For oils belonging to case 2, characterized by a linear, thin and descending CoF profile without any detectable seizure or microseizures, it is possible to assume that lubricants that overcome the twelfth SRV stage can reach or overcomes also the twelfth FZG stage.

For products classified in case 3, a failure load stage has been assigned for the criteria previously explained in chapter 2 but must be defined with a more precise tolerance in order to assume a correlation with the FZG test; in addition, it would be very useful to collect more data and also add further evidence derived from other analysis (wear detection on the specimen, for example).

For the lubricating oil classified in case 4 (the 8th oil reported in Table 3) is very difficult to assign the failure load stage as it presents a unique and anomalous trend. Moreover, in this case, data gained by other types of analysis could help us in the assessment.

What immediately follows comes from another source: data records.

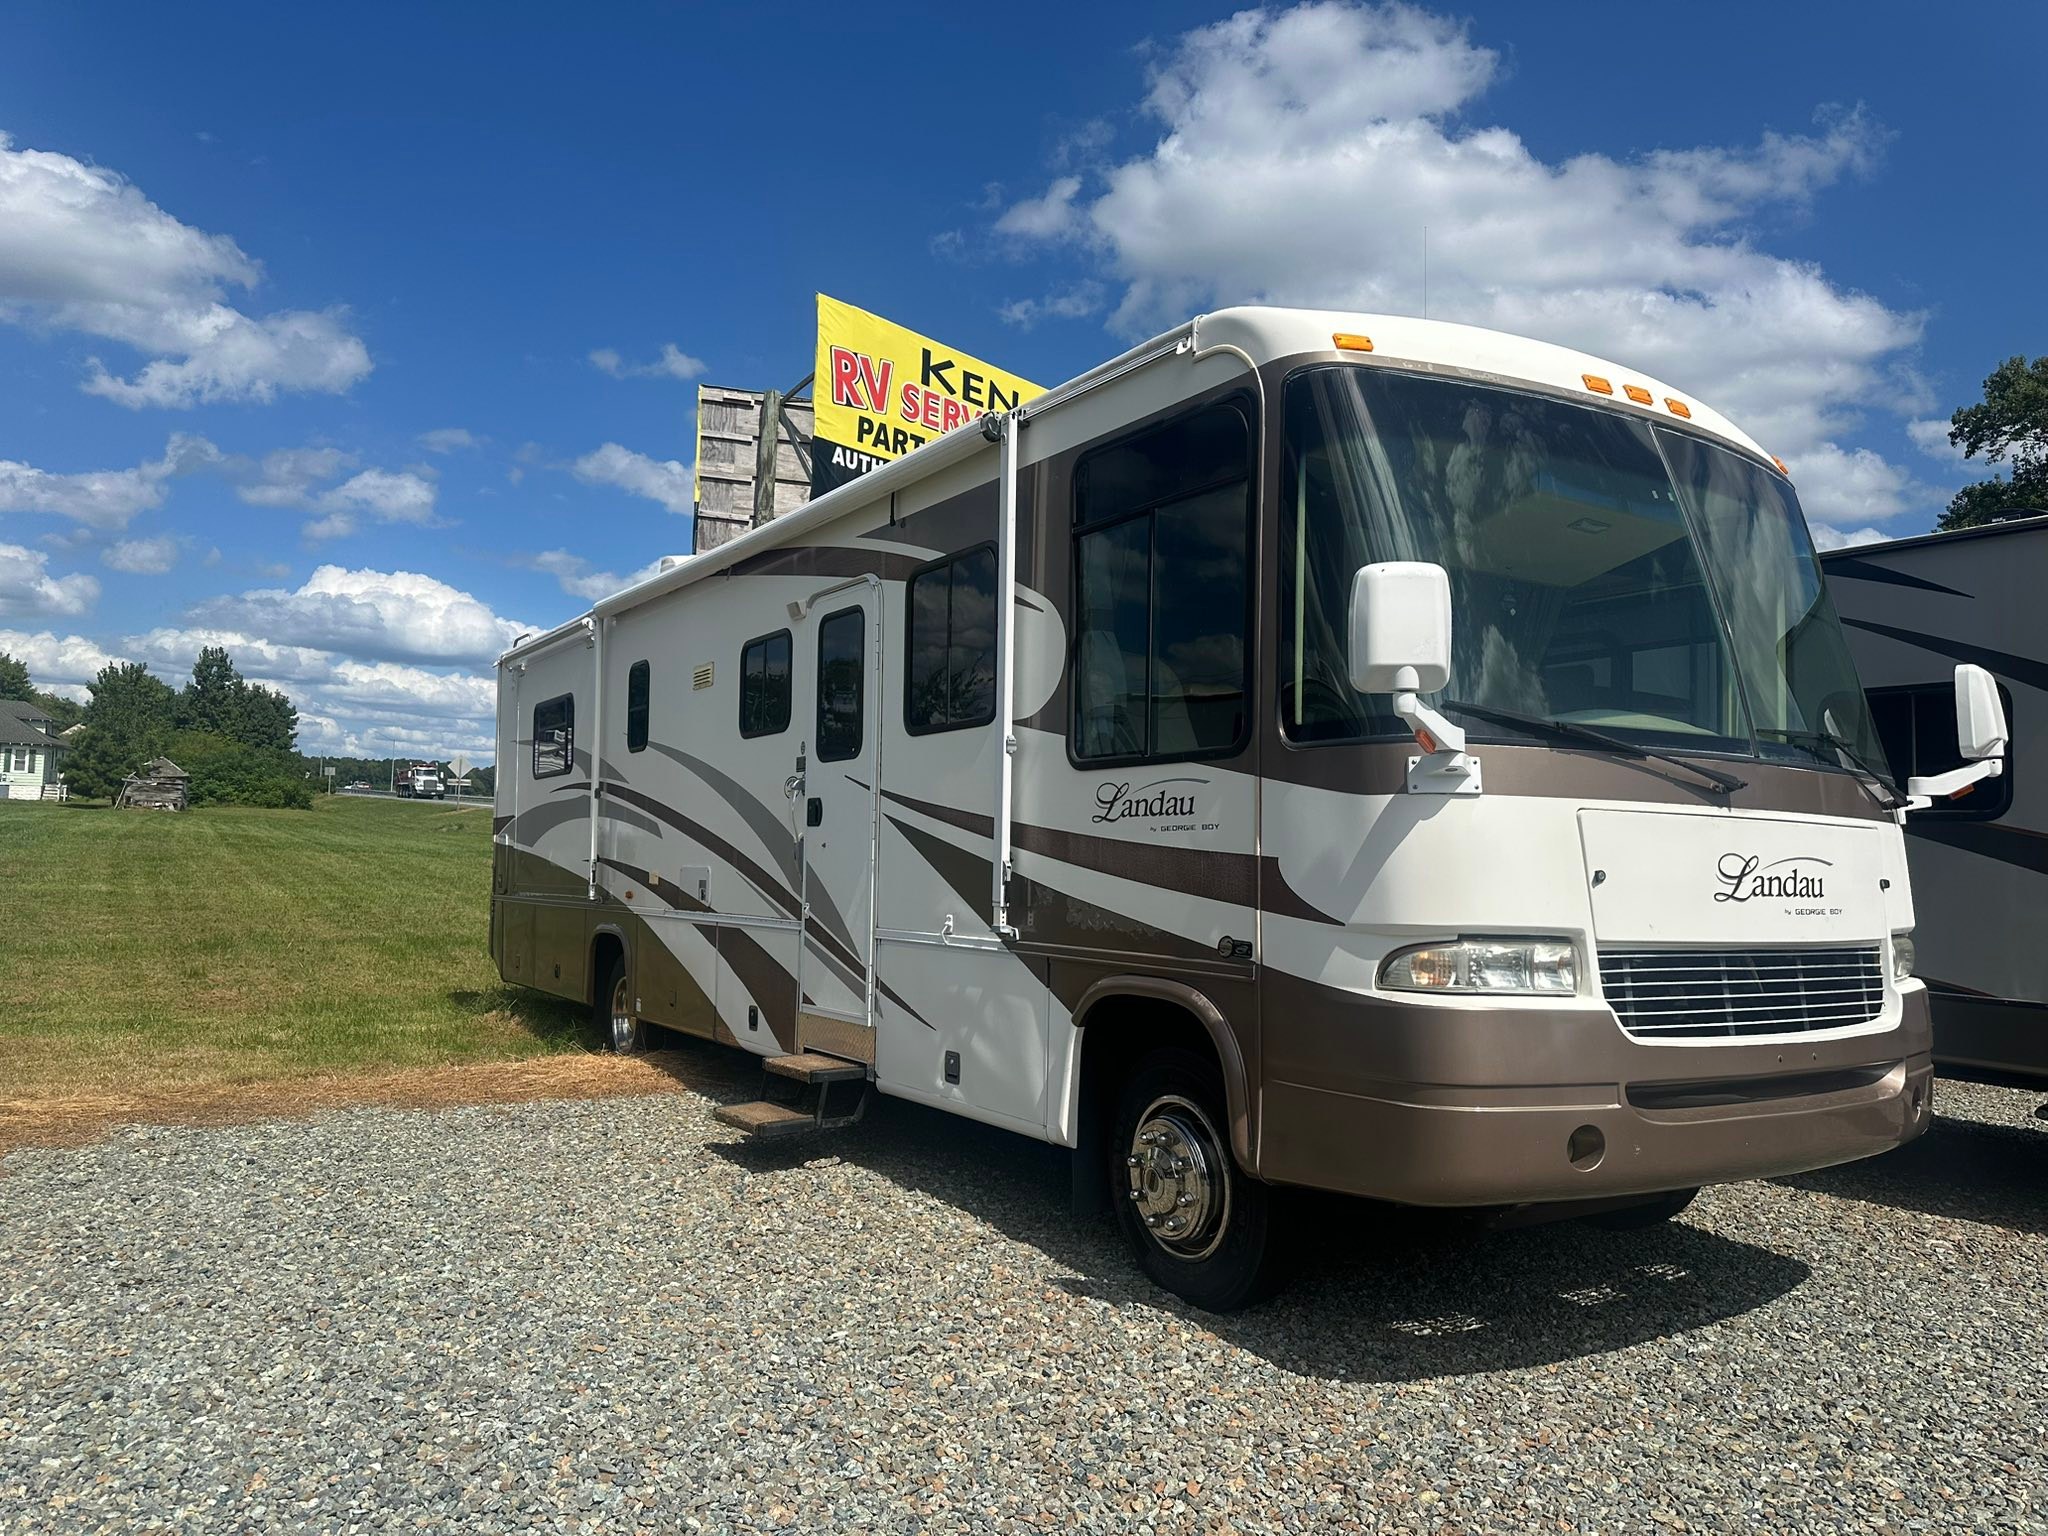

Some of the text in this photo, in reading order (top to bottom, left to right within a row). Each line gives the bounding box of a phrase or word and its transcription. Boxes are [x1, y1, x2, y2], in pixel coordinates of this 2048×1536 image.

[830, 344, 894, 415] RV
[921, 347, 1019, 411] KEN
[857, 415, 932, 456] PART
[1091, 782, 1196, 823] Landau
[1160, 824, 1197, 832] GEORGIE
[1201, 823, 1220, 831] BOY
[1713, 852, 1825, 903] Landau

In addition, a great contribution to the global evaluation of these tests can derive from the knowledge of lubricant formulation in order to predict, estimate or determine the synergistic/antagonistic effect of oil components.

5. Conclusions

In this paper, the results of an experimental campaign are presented based on the use of a well-selected SRV procedure as a screening of the FZG rig test, leading to concrete benefits such as saving time and operative costs.

Four cases for the determination of the failure load stage of SRV have been defined and, in many cases, a good correlation with the FZG rig test has been found. A very good repeatability of this method has been proven too.

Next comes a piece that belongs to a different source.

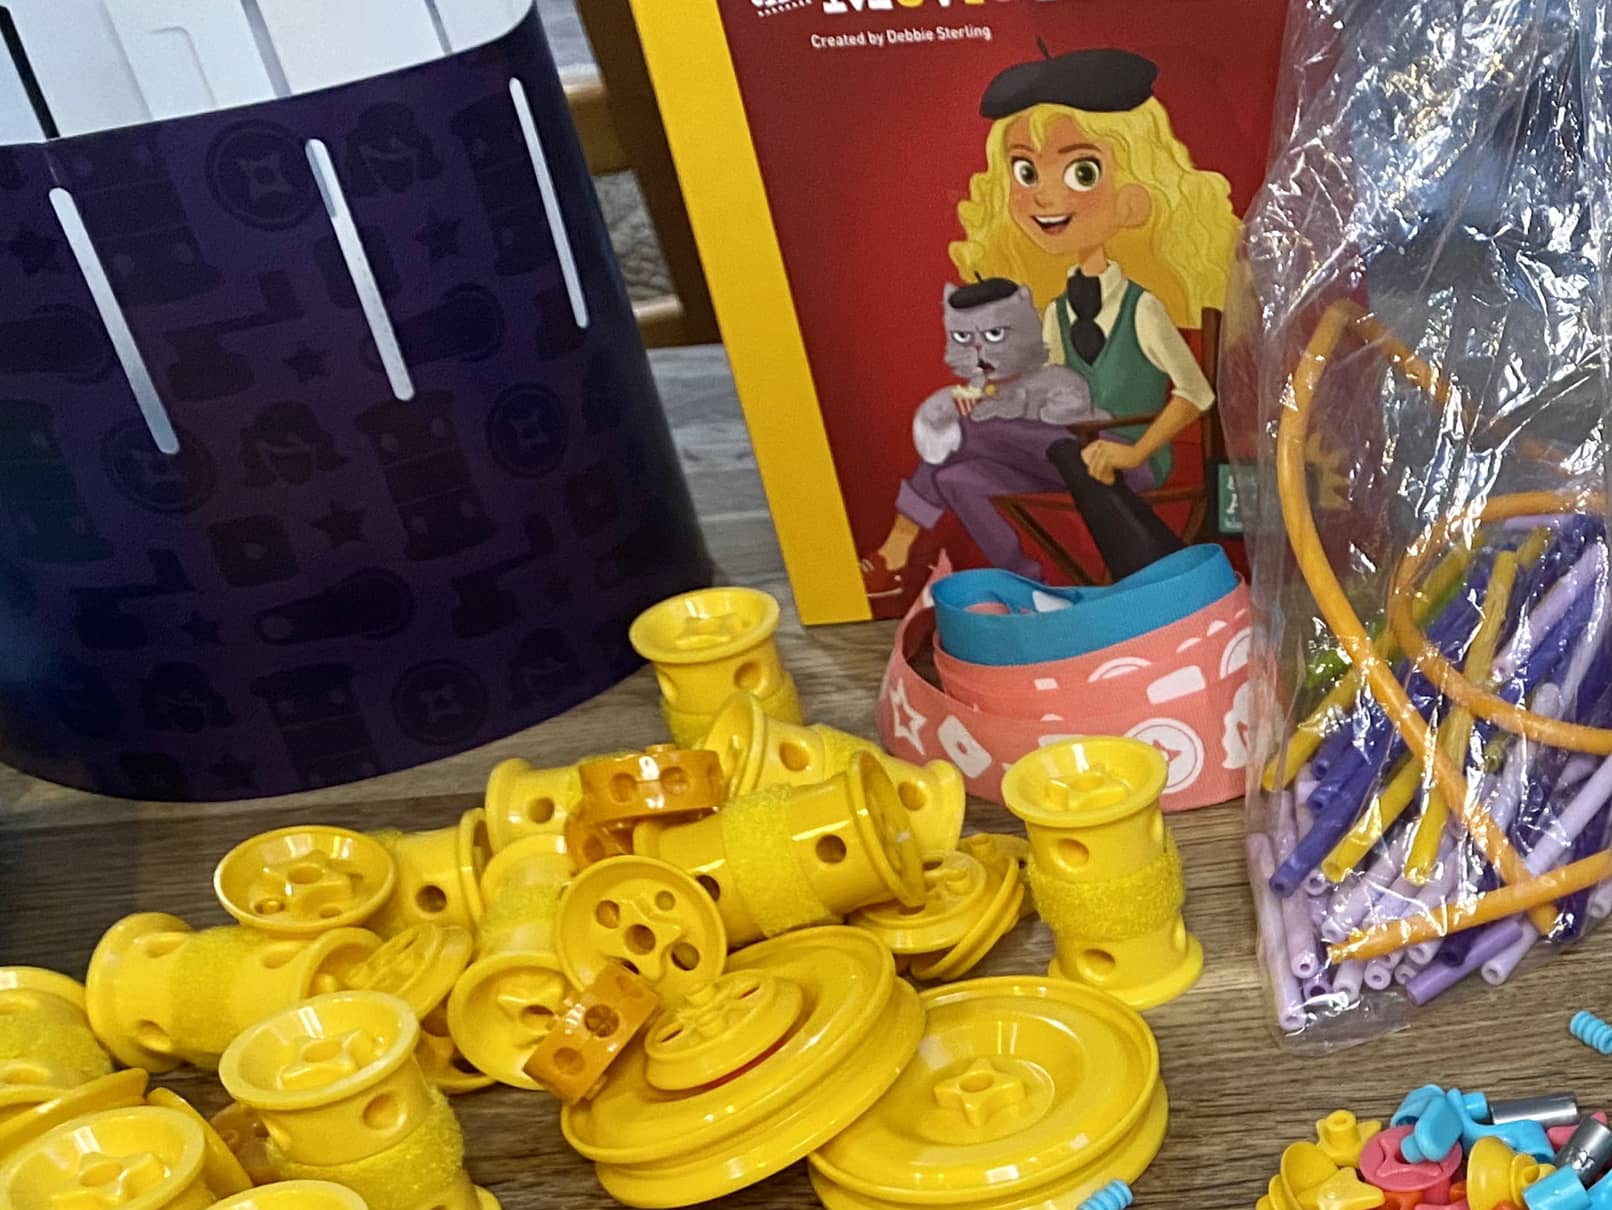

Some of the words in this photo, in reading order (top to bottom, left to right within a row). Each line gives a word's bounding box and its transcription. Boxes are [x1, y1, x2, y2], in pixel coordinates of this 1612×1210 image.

[810, 31, 865, 48] Created
[868, 30, 885, 46] by
[887, 28, 934, 43] Debbie
[936, 24, 992, 42] Sterling

The tests conducted using SRV compared to the FZG scuffing method are as follows:

• Time saving (test time duration is 76% less without mentioning visual inspection and preparation for the following step);

As an example of time saving, just consider that each step of the FZG procedure takes at least 15 min without mentioning the operator’s visual inspection and the preparation for the following step, while the SRV takes only 217 s per step.

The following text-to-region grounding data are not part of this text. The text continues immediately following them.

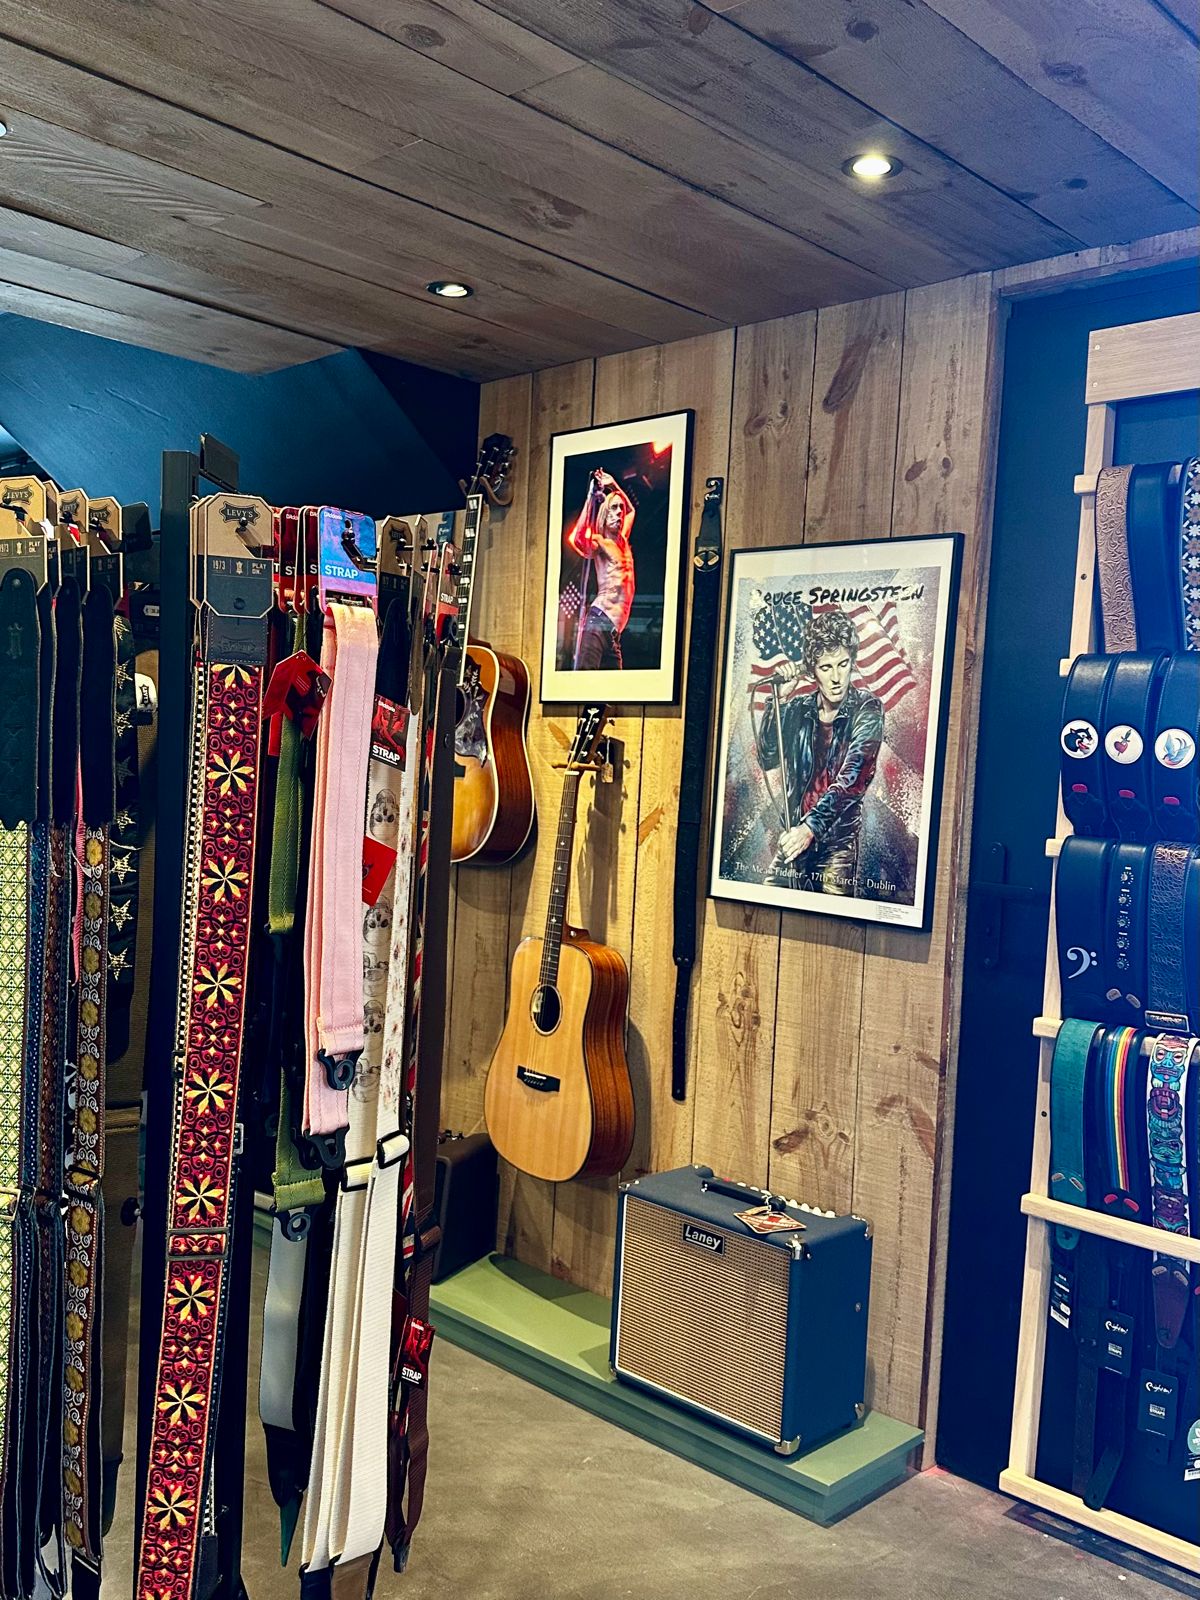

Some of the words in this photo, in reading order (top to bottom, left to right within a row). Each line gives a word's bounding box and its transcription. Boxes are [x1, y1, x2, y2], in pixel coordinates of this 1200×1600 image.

[226, 508, 254, 518] LEVY'S
[212, 560, 226, 570] 1973
[251, 562, 267, 570] PLAY
[324, 564, 359, 579] STRAP
[440, 592, 454, 604] STRAP
[756, 589, 803, 606] RUCE
[372, 744, 401, 762] STRAP
[735, 861, 750, 871] The
[811, 871, 828, 882] 17th
[866, 878, 896, 891] Dublin
[685, 1225, 721, 1249] Laney
[401, 1366, 422, 1381] STRAP

• Cost/Material saving (smaller specimens and less oil sample);
• Less operator independent (automated machine and no visual inspection needed);
• Create a ranking (With the same failure stage we can rank the wear of the candidate’s product).

This method is proposed as a screening tool for the FZG test, thus reducing the use of the FZG rig, which is very costly (the gears are unusable after each test and several liters of lubricant are needed) and time-consuming.

The obtained results are useful preliminary indications of the behavior of the lubricant, thus helping a formulator in the development of lubricating oil. In the case of the development of a new lubricant, where the performances of six or more different candidates are compared, only the two best performers will run the FZG scuffing test (still required to qualify a new lubricant).

Finally, from the work carried out, the importance of optimizing test methods, such as tribological ones, really emerges. These can lead to numerous advantages from the point of view of product development and final machine performance, being an extremely useful tool for the constant improvement of the energy efficiency of modern industrial systems.